Work required
With all images omitted, write out the records word for word.

[Source data]
═══

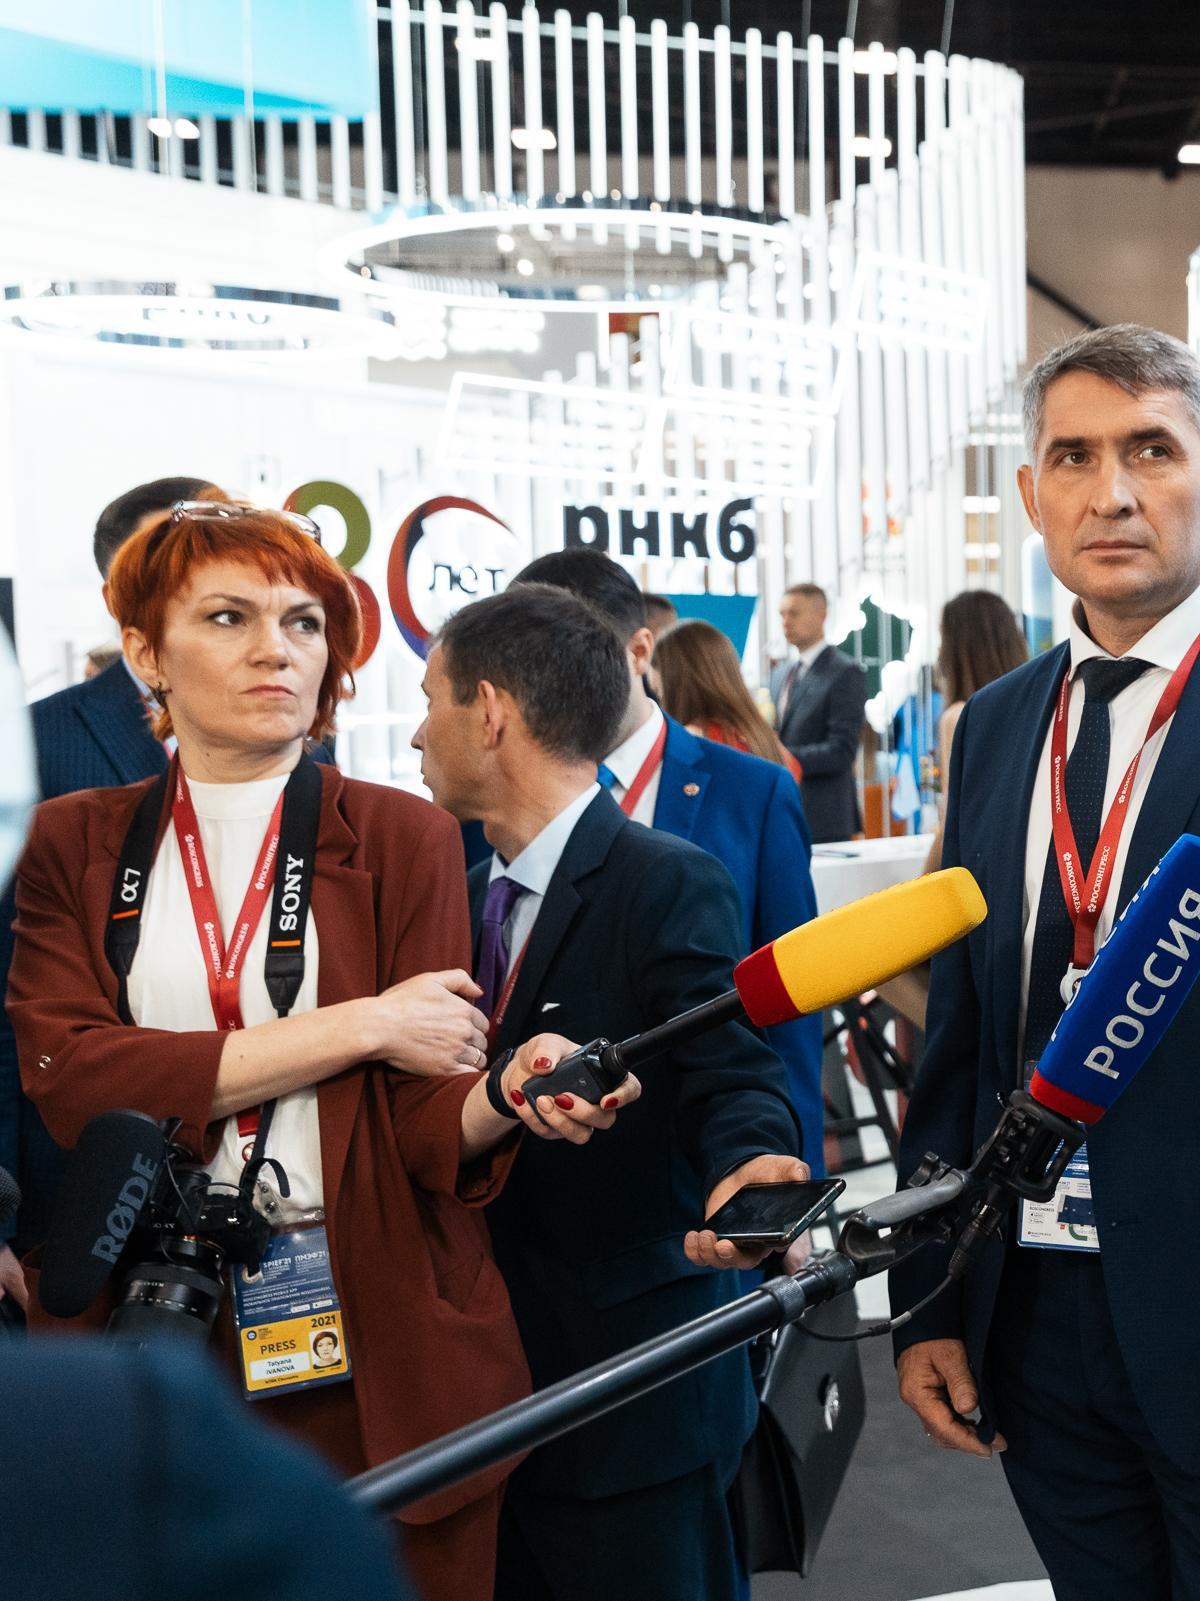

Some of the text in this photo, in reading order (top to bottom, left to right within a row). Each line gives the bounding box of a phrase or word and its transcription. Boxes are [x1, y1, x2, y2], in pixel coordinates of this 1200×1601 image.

[562, 498, 757, 562] рнкб
[428, 563, 506, 594] лет
[1090, 845, 1111, 904] РОСКОНГРЕСС
[279, 853, 304, 930] SONY
[91, 1153, 158, 1264] RØDE
[311, 1314, 336, 1329] 2021
[260, 1339, 297, 1356] PRESS
[267, 1358, 292, 1368] Tatyana
[266, 1365, 295, 1376] IVANOVA
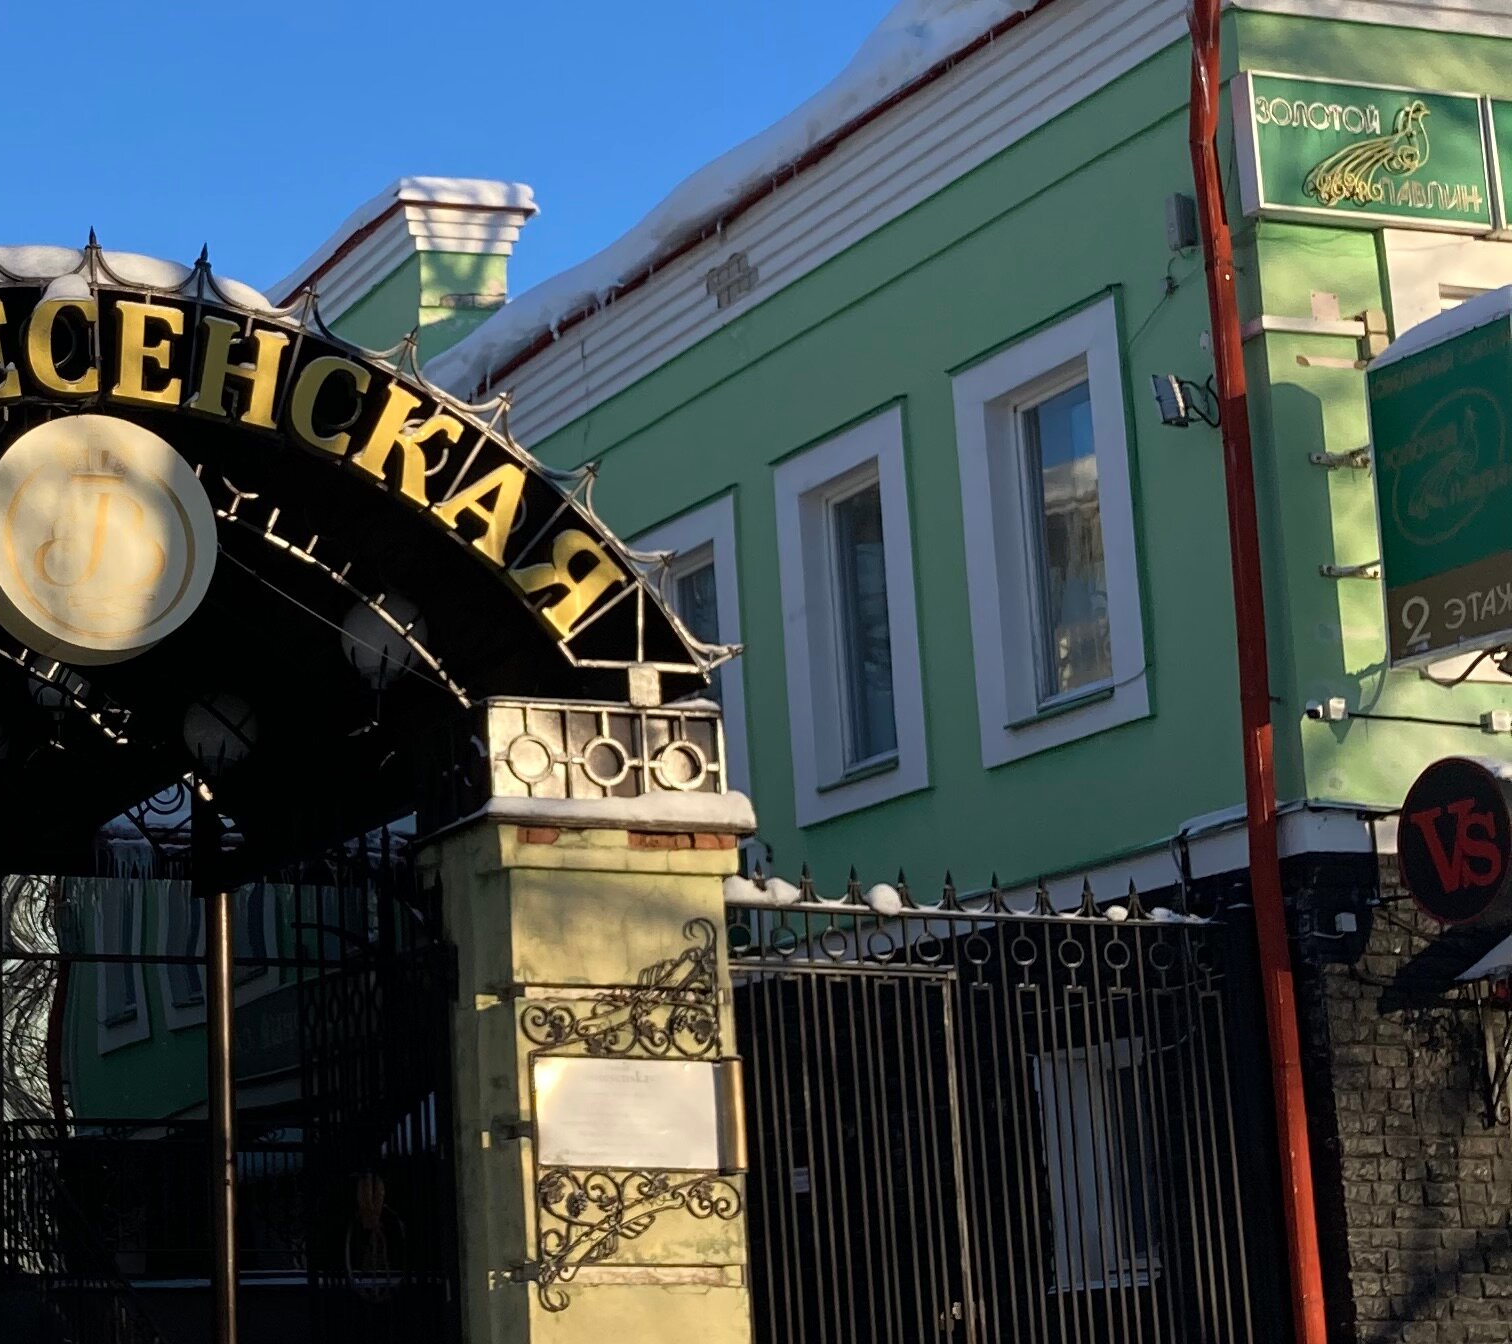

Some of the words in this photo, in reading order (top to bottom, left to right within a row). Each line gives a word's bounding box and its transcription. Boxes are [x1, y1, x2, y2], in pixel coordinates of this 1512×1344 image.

[1255, 95, 1381, 135] ЗОЛОТОЙ
[1379, 176, 1483, 214] ПАВЛИН
[1401, 595, 1432, 647] 2
[1409, 797, 1502, 894] VS
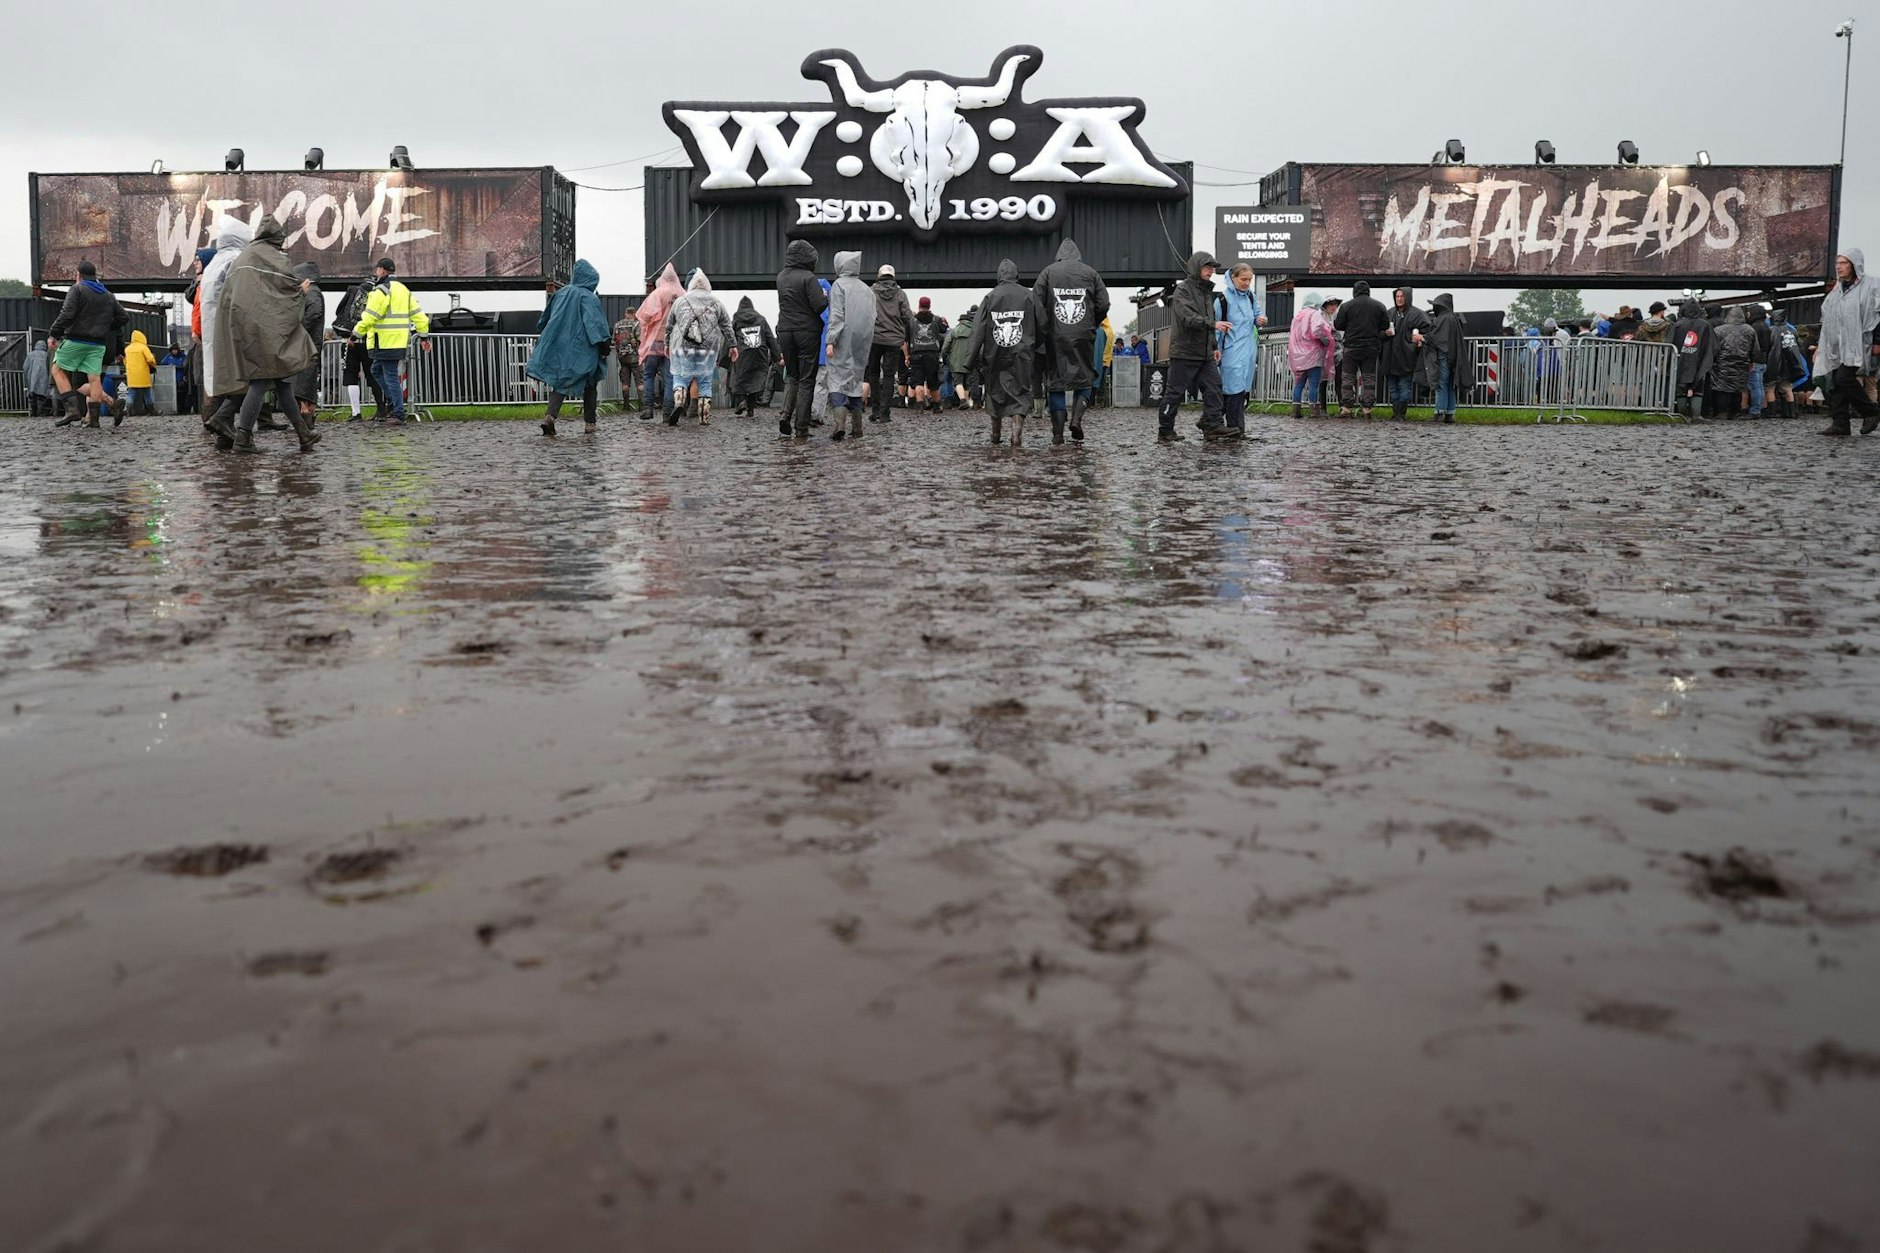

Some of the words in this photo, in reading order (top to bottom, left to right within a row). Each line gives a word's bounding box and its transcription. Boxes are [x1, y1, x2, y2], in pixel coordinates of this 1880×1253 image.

[796, 197, 902, 225] ESTD.
[949, 194, 1056, 221] 1990
[1223, 213, 1249, 223] RAIN
[1250, 213, 1304, 223] EXPECTED
[1379, 173, 1746, 272] METALHEADS
[1236, 232, 1267, 240] SECURE
[1269, 232, 1291, 240] YOUR
[1241, 241, 1267, 250] TENTS
[1267, 241, 1285, 250] AND
[1238, 251, 1289, 259] BELONGINGS
[1052, 287, 1087, 296] WACKEN
[990, 310, 1025, 320] WACKEN
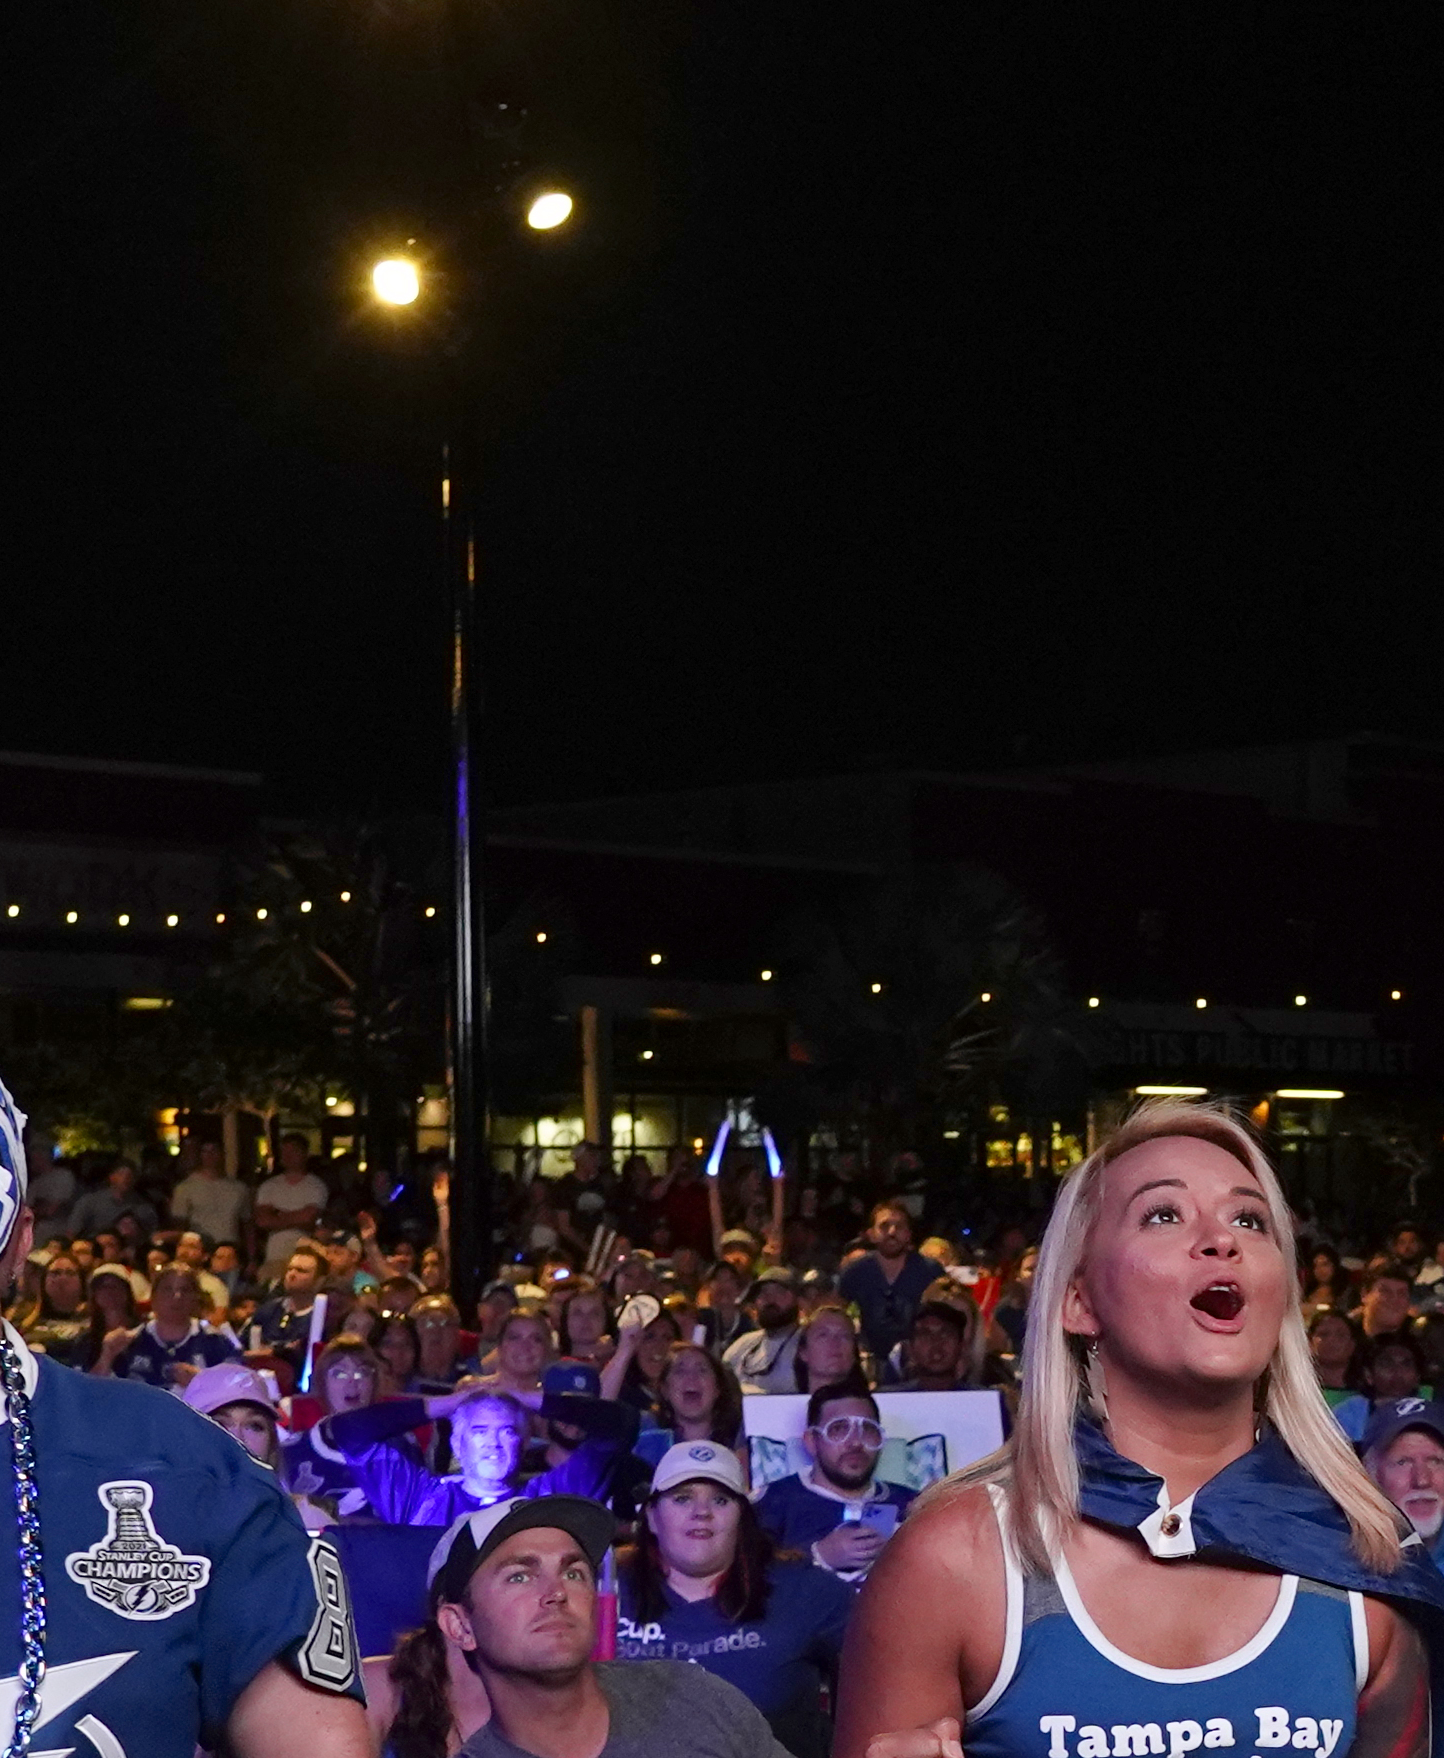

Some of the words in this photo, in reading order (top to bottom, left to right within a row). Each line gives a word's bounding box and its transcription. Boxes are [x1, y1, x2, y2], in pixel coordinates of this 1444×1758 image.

═══

Response area
Some of the text in this photo, in reading order (top to bottom, left to right within a row). Each line gives the bounding box of a phrase or word and its transcription. Boxes are [x1, y1, x2, y2], in pixel coordinates of this 1200×1601 image.

[562, 498, 757, 562] рнкб
[428, 563, 506, 594] лет
[1090, 845, 1111, 904] РОСКОНГРЕСС
[279, 853, 304, 930] SONY
[91, 1153, 158, 1264] RØDE
[311, 1314, 336, 1329] 2021
[260, 1339, 297, 1356] PRESS
[267, 1358, 292, 1368] Tatyana
[266, 1365, 295, 1376] IVANOVA

Some of the words in this photo, in reading order (top to bottom, left to right within a row). Each line gives a word's bounding box and its transcription. Boxes are [x1, y1, x2, y2], in pixel coordinates of this 1512×1344 image.

[1255, 95, 1381, 135] ЗОЛОТОЙ
[1379, 176, 1483, 214] ПАВЛИН
[1401, 595, 1432, 647] 2
[1409, 797, 1502, 894] VS

Some of the words in this photo, in reading order (top to bottom, left to right within a row). Each line gives a word's bounding box and its transcription. Boxes are [x1, y1, x2, y2], in pixel coordinates of this 1880×1253 image.

[796, 197, 902, 225] ESTD.
[949, 194, 1056, 221] 1990
[1223, 213, 1249, 223] RAIN
[1250, 213, 1304, 223] EXPECTED
[1379, 173, 1746, 272] METALHEADS
[1236, 232, 1267, 240] SECURE
[1269, 232, 1291, 240] YOUR
[1241, 241, 1267, 250] TENTS
[1267, 241, 1285, 250] AND
[1238, 251, 1289, 259] BELONGINGS
[1052, 287, 1087, 296] WACKEN
[990, 310, 1025, 320] WACKEN

Some of the words in this photo, in reading order (top to bottom, left to right within a row). Each line gives a word's bounding box and its transcription. Boxes are [x1, y1, x2, y2], in pixel coordinates of this 1444×1758 image.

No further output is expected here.